Угрюмый марсианин в кирзовых сапогах с подвернутыми голенищами, джинсах и телогрейке грелся у костерка, разведенного из дощечек возвратной тары, которая числилась на балансе и списанию не подлежала. Видимо, он ждал попутный звездолет, решив не задерживаться ка земле, запылившись и наглотавшись дыма. Откупоривал зубами бутылку «Жигулевского» на дорожку. Так думалось Галкину, зачарованному космическим масштабом предстоящей работы. Марсианин откупорил бутылку, настроившись на лирический лад, но увидел Галкина и встал с открытым ртом…
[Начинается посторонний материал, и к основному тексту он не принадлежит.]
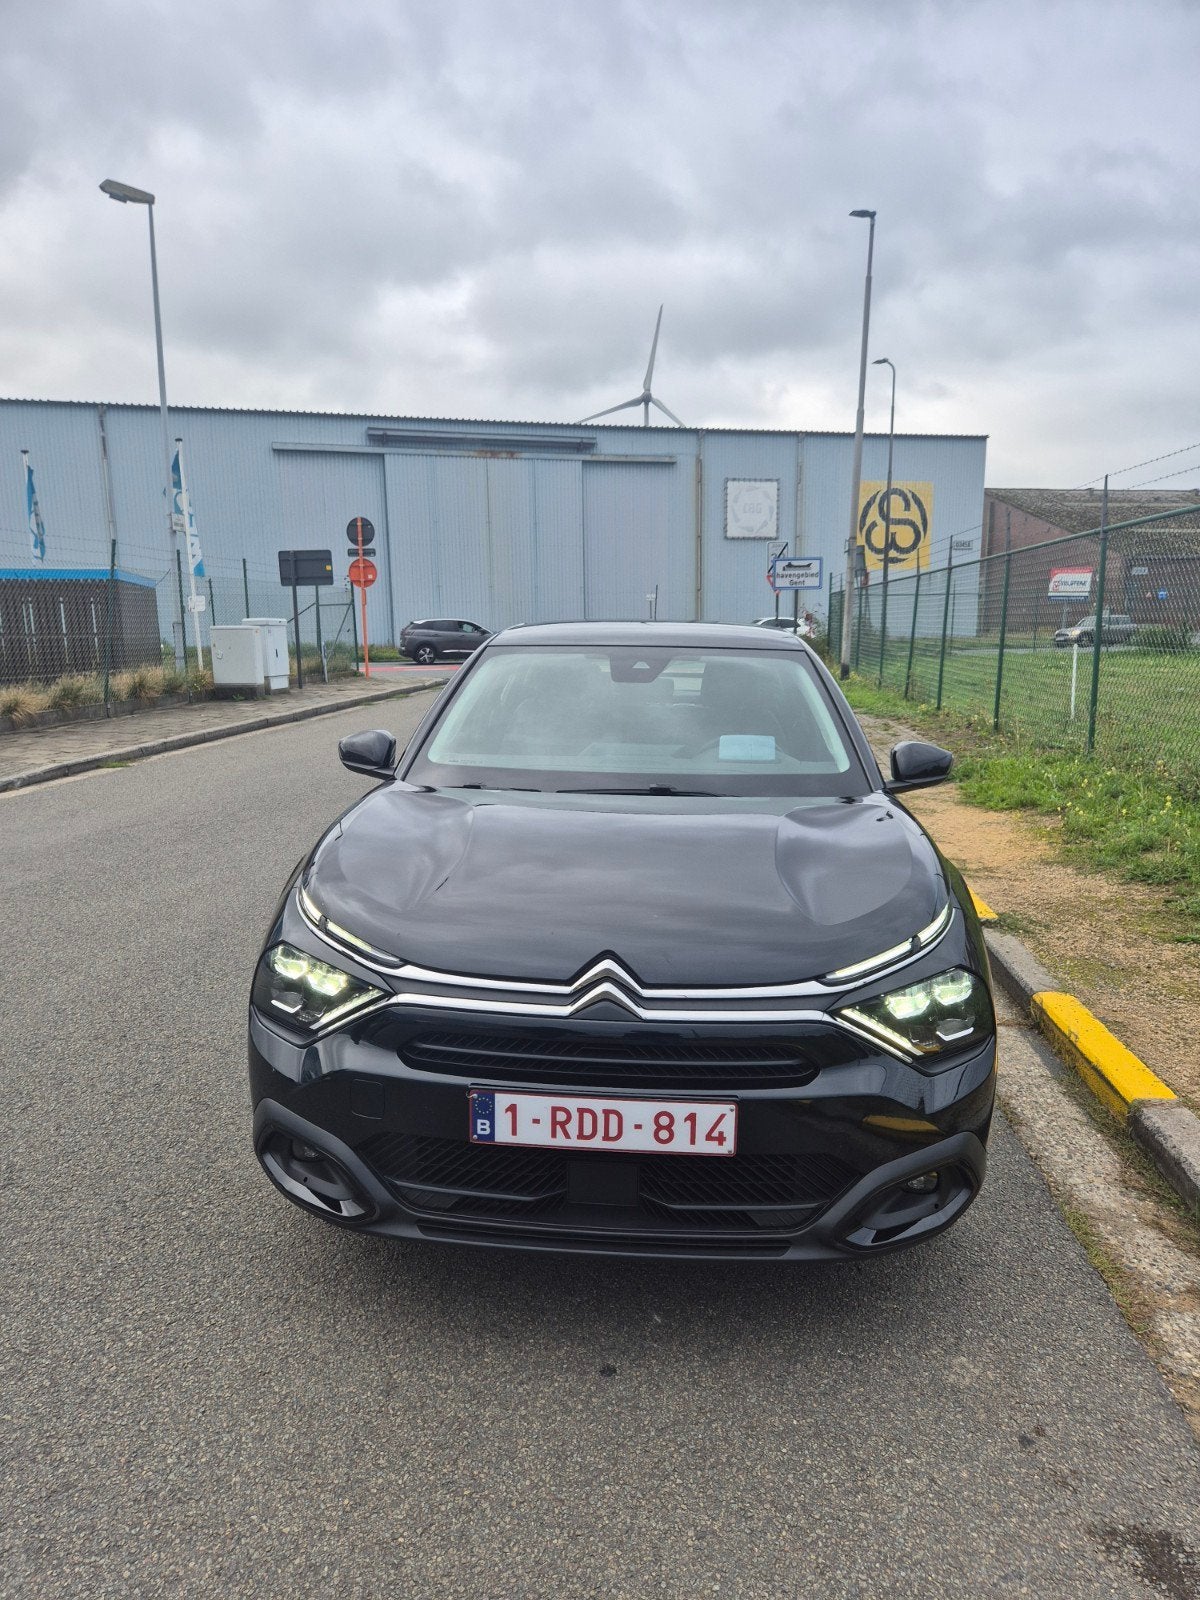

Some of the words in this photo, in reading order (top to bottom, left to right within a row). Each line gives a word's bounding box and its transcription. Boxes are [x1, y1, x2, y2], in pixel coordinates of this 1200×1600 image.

[776, 571, 819, 580] havengebied
[476, 1119, 491, 1135] B
[504, 1103, 727, 1147] 1-RDD-814
То был известный (в ОБХСС) самовольный заготовитель металлолома Лева Чанмазян, застать которого за работой никому пока не удавалось. Лева промышлял глубокой ночью без свидетелей, сплавлял даровой металлолом черной и цветной масти. В ловких руках чародея отливки, станины, рельсы и колеса от вагонов сходили за мелкие бытовые отходы, свинцовые аккумуляторы и медные радиаторы от тракторов оплачивались как мятые чайники и самовары. Правда, в местную контору утильсырья Лева не обращался, происхождение его заготовок сразу бы открылось. Поэтому он арендовал «КамАЗ» и вывозил металл с отвала в соседний районный городок, не знакомый с масштабами технического прогресса. Приемщика сырья Лева взял в пай, делясь с ним гонораром и помогая перевыполнять план по заготовкам. Контора процветала. Водитель грузовика тоже не жаловался на судьбу. Левины доходы были под стать годовому обороту среднего заготовительного предприятия. Он купил себе подержанный «кадиллак» на черном рынке в приморском городе и поставил золотые коронки. Цифры кредита-дебита держал в голове, не доверяя бумаге, тем более, что отчета с него вышестоящие организации не требовали. Они вообще не подозревали о конкурирующей фирме с ночным циклом работы…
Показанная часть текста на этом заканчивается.